# What you will do:
Please set down the entries below once more, exactly.

= Beginning of Section =

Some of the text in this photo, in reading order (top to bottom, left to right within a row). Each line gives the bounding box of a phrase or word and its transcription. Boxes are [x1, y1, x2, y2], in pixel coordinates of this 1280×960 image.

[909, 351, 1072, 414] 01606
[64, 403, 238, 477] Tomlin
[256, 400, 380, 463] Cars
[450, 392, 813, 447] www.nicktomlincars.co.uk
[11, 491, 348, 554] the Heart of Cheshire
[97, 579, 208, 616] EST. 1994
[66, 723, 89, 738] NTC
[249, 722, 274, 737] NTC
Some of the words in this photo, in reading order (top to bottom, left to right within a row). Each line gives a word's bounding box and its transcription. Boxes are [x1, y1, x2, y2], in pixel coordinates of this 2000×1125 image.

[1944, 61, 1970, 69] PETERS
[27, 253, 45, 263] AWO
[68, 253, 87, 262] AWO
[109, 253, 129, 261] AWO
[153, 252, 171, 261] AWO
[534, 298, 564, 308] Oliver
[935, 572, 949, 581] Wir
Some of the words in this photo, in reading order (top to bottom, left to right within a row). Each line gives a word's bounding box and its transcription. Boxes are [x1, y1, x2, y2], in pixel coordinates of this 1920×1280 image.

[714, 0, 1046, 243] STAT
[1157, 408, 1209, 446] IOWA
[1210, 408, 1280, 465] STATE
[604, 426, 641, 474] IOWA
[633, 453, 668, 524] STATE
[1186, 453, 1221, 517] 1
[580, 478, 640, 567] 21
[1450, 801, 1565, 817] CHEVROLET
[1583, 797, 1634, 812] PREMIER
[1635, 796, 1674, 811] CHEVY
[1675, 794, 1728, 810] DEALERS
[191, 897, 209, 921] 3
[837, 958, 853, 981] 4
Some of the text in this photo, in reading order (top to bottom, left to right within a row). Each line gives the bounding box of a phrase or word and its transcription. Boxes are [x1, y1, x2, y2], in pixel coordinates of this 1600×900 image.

= End of Section =

# Result of the task:
Some of the text in this photo, in reading order (top to bottom, left to right within a row). Each line gives the bounding box of a phrase or word and its transcription. Boxes are [x1, y1, x2, y2], in pixel coordinates of this 1280×960 image.

[909, 351, 1072, 414] 01606
[64, 403, 238, 477] Tomlin
[256, 400, 380, 463] Cars
[450, 392, 813, 447] www.nicktomlincars.co.uk
[11, 491, 348, 554] the Heart of Cheshire
[97, 579, 208, 616] EST. 1994
[66, 723, 89, 738] NTC
[249, 722, 274, 737] NTC
Some of the words in this photo, in reading order (top to bottom, left to right within a row). Each line gives a word's bounding box and its transcription. Boxes are [x1, y1, x2, y2], in pixel coordinates of this 2000×1125 image.

[1944, 61, 1970, 69] PETERS
[27, 253, 45, 263] AWO
[68, 253, 87, 262] AWO
[109, 253, 129, 261] AWO
[153, 252, 171, 261] AWO
[534, 298, 564, 308] Oliver
[935, 572, 949, 581] Wir
Some of the words in this photo, in reading order (top to bottom, left to right within a row). Each line gives a word's bounding box and its transcription. Boxes are [x1, y1, x2, y2], in pixel coordinates of this 1920×1280 image.

[714, 0, 1046, 243] STAT
[1157, 408, 1209, 446] IOWA
[1210, 408, 1280, 465] STATE
[604, 426, 641, 474] IOWA
[633, 453, 668, 524] STATE
[1186, 453, 1221, 517] 1
[580, 478, 640, 567] 21
[1450, 801, 1565, 817] CHEVROLET
[1583, 797, 1634, 812] PREMIER
[1635, 796, 1674, 811] CHEVY
[1675, 794, 1728, 810] DEALERS
[191, 897, 209, 921] 3
[837, 958, 853, 981] 4
Some of the text in this photo, in reading order (top to bottom, left to right within a row). Each line gives the bounding box of a phrase or word and its transcription. Boxes are [x1, y1, x2, y2], in pixel coordinates of this 1600×900 image.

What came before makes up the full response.